*** Data supplied ***
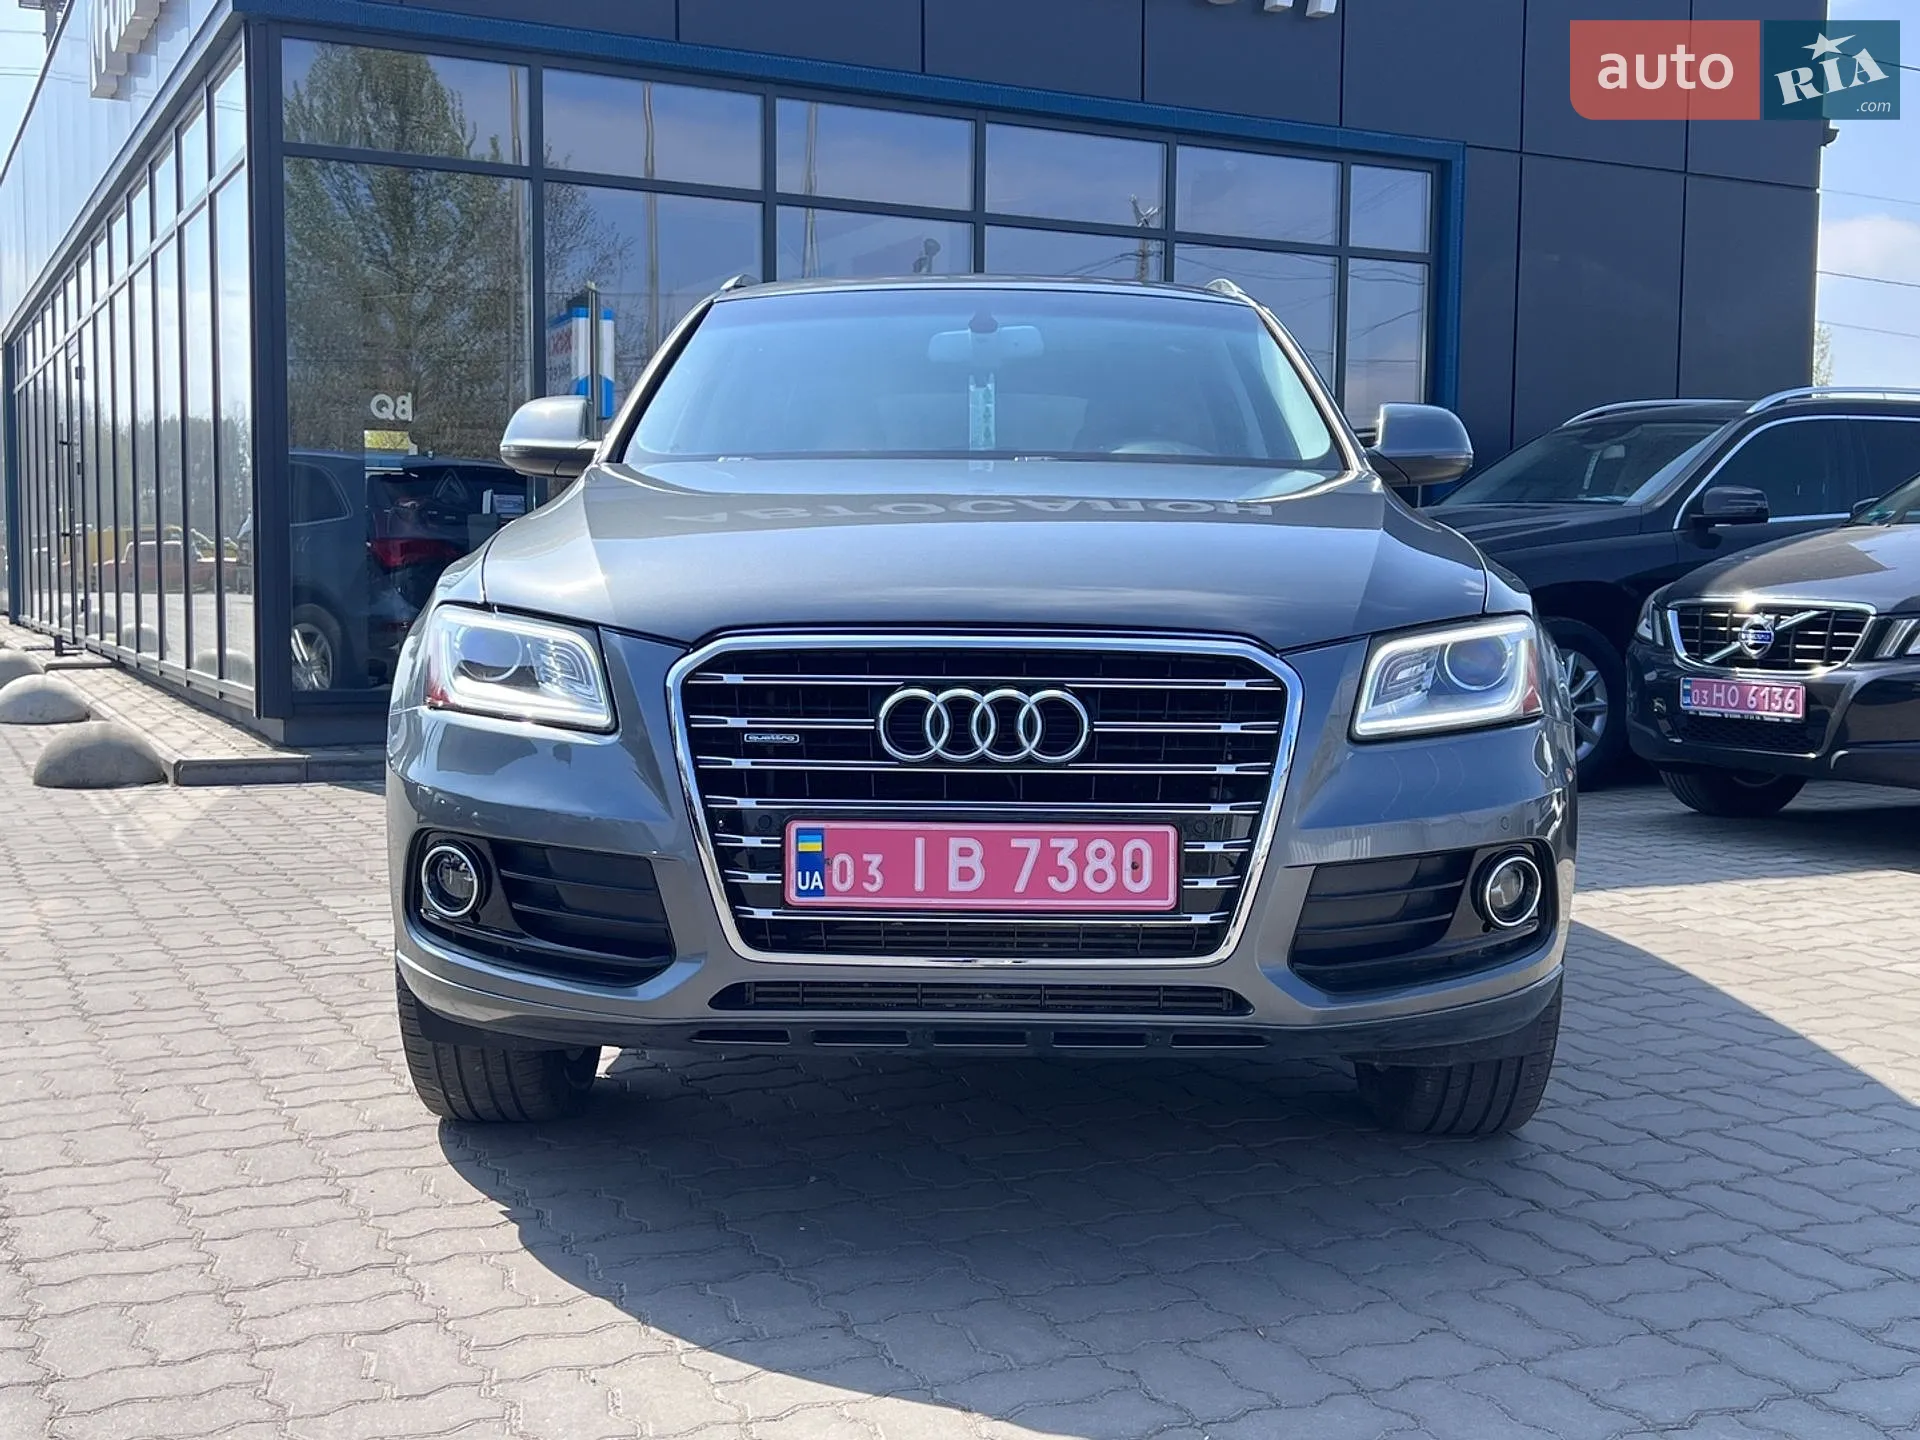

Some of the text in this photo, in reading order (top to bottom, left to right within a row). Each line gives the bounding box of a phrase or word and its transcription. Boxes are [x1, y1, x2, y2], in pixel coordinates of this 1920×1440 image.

[1691, 688, 1709, 705] 03
[1746, 685, 1796, 711] 6136
[831, 852, 884, 893] 03
[1009, 837, 1154, 893] 7380
[797, 870, 824, 891] UA
*** End of Data supplied ***
### Exercise description
The whole listing above, minus its pictures, is what you should write out word for word.

### Written response
Some of the text in this photo, in reading order (top to bottom, left to right within a row). Each line gives the bounding box of a phrase or word and its transcription. Boxes are [x1, y1, x2, y2], in pixel coordinates of this 1920×1440 image.

[1691, 688, 1709, 705] 03
[1746, 685, 1796, 711] 6136
[831, 852, 884, 893] 03
[1009, 837, 1154, 893] 7380
[797, 870, 824, 891] UA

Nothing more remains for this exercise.